Question

Evaluate \[\int {\cos \sqrt x dx} \]
A. \[\left[ {\sqrt x \sin \sqrt x + \cos \sqrt x } \right]\]
B. \[2\left[ {\sin \sqrt x - \cos \sqrt x } \right]\]
C. \[2\left[ {\sqrt x \sin \sqrt x + \sqrt x \cos \sqrt x } \right]\]
D. \[2\left[ {\sqrt x \sin \sqrt x + \cos \sqrt x } \right]\]

Answer 1

Hint: Here, we will use the Integration by Parts formula to simplify the integrand. Then by using the suitable Integral formula, we will find the integral of the given function. Integration is defined as the summation of all the discrete data.

Formula Used:
We will use the following formula:
1. Derivative formula: \[\dfrac{d}{{dx}}\left( {{x^n}} \right) = n{x^{n - 1}}\], \[\dfrac{d}{{dx}}\left( C \right) = 1\]
2. Integration by Parts: \[\int {uvdx = uv - \int {vdu} } \]
3. Integral Formula: \[\int {\cos tdt = \sin t} \], \[\int {\sin tdt = - \cos t} \]

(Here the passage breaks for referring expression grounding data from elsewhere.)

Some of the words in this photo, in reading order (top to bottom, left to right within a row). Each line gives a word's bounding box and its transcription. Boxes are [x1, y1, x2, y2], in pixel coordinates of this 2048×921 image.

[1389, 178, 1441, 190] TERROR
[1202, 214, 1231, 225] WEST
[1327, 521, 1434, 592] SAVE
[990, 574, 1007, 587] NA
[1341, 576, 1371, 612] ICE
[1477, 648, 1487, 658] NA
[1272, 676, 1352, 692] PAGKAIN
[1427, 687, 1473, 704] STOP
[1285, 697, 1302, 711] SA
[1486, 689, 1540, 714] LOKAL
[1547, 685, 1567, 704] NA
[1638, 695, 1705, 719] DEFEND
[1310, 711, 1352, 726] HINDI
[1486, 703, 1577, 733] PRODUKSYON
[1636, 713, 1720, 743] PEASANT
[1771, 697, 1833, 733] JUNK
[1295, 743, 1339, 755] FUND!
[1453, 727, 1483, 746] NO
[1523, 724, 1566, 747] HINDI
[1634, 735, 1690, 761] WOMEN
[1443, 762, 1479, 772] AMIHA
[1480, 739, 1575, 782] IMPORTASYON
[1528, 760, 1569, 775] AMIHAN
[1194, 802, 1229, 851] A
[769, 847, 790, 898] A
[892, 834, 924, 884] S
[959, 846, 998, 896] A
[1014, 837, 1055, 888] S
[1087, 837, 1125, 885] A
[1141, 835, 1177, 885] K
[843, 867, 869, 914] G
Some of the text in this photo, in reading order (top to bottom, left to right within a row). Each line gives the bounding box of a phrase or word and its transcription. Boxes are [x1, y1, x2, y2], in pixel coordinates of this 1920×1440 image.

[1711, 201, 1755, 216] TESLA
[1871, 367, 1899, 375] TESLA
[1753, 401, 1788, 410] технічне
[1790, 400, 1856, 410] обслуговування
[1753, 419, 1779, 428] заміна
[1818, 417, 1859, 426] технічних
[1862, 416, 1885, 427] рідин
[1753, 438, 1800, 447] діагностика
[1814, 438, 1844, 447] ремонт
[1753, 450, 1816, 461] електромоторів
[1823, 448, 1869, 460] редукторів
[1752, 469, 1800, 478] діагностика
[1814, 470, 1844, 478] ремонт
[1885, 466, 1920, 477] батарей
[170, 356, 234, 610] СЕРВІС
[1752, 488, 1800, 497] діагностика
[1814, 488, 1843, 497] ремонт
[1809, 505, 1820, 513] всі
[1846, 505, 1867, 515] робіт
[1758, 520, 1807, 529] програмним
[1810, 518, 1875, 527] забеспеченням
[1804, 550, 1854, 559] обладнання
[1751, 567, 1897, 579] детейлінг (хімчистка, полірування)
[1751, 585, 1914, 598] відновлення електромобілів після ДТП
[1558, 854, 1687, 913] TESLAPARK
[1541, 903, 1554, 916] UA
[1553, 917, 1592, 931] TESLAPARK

Complete Step by Step Solution:
We are given an integral function \[\int {\cos \sqrt x dx} \] .
Let the given integral function be \[I\]
\[I = \int {\cos \sqrt x dx} \] …………………………………………….\[\left( 1 \right)\]
Now, we will substitute a variable for the radical expression in the integrand, we get
\[t = \sqrt x = {\left( x \right)^{\dfrac{1}{2}}}\] ……………………………………...\[\left( 2 \right)\]
Now, we will differentiate the variable with respect to \[x\] using the derivative formula \[\dfrac{d}{{dx}}\left( {{x^n}} \right) = n{x^{n - 1}}\], we get
\[ \Rightarrow \dfrac{{dt}}{{dx}} = \dfrac{1}{2}{x^{\dfrac{1}{2} - 1}}\]
\[ \Rightarrow dt = \dfrac{1}{{2\sqrt x }}dx\]
Now, by rewriting the equation, we get
\[ \Rightarrow dx = 2\sqrt x dt\]
\[ \Rightarrow dx = 2tdt\] ……………………………………………\[\left( 3 \right)\]
Substituting the equation \[\left( 2 \right)\] and \[\left( 3 \right)\] in equation \[\left( 1 \right)\] , we get
\[I = \int {\cos t \cdot 2tdt} \]
\[ \Rightarrow I = 2\int {t\cos tdt} \]
Now, by using Integration by Parts formula \[\int {uvdx = uv - \int {vdu} } \] for the Integral function, we get \[u = t\] according to ILATE rule and \[v = \cos t\] .
Now, we will differentiate the variable \[u\], so we get
\[du = dt\]
Now, we will integrate the variable \[v\] using the formula \[\int {\cos tdt = \sin t} \], so we get
\[\int {\cos tdt = \sin t} \]
Substituting differentiated variable and integrated variable in the integration by parts formula, we get
\[ \Rightarrow \int {t\cos tdt = t\sin t - \int {\sin tdt} } \]
Now, by using the integral formula \[\int {\sin tdt = - \cos t} \], we get
\[ \Rightarrow \int {t\cos tdt = t\sin t - \left( { - \cos t} \right)} \]
\[ \Rightarrow \int {t\cos tdt = t\sin t + \cos t} \] …………………………………………\[\left( 4 \right)\]
Now, by substituting \[I = 2\int {t\cos tdt} \] in the equation \[\left( 4 \right)\], we get
\[ \Rightarrow I = 2\left[ {t\sin t + \cos t} \right] + c\]
Now, by substituting the equation \[\left( 2 \right)\], we get
\[ \Rightarrow I = 2\left[ {\sqrt x \sin \sqrt x + \cos \sqrt x } \right]\]
Therefore, the value of \[\int {\cos \sqrt x dx} \] is \[2\left[ {\sqrt x \sin \sqrt x + \cos \sqrt x } \right]\].

Thus, option (D) is the correct answer.

Note:
We know that Integration is the process of adding small parts to find the whole parts. While performing the Integration by Parts, the first function is selected according to ILATE rule where Inverse Trigonometric function, followed by Logarithmic function, Arithmetic Function, Trigonometric Function and at last Exponential Function. Integration by Parts is applicable only when the integrand is a product of two Functions.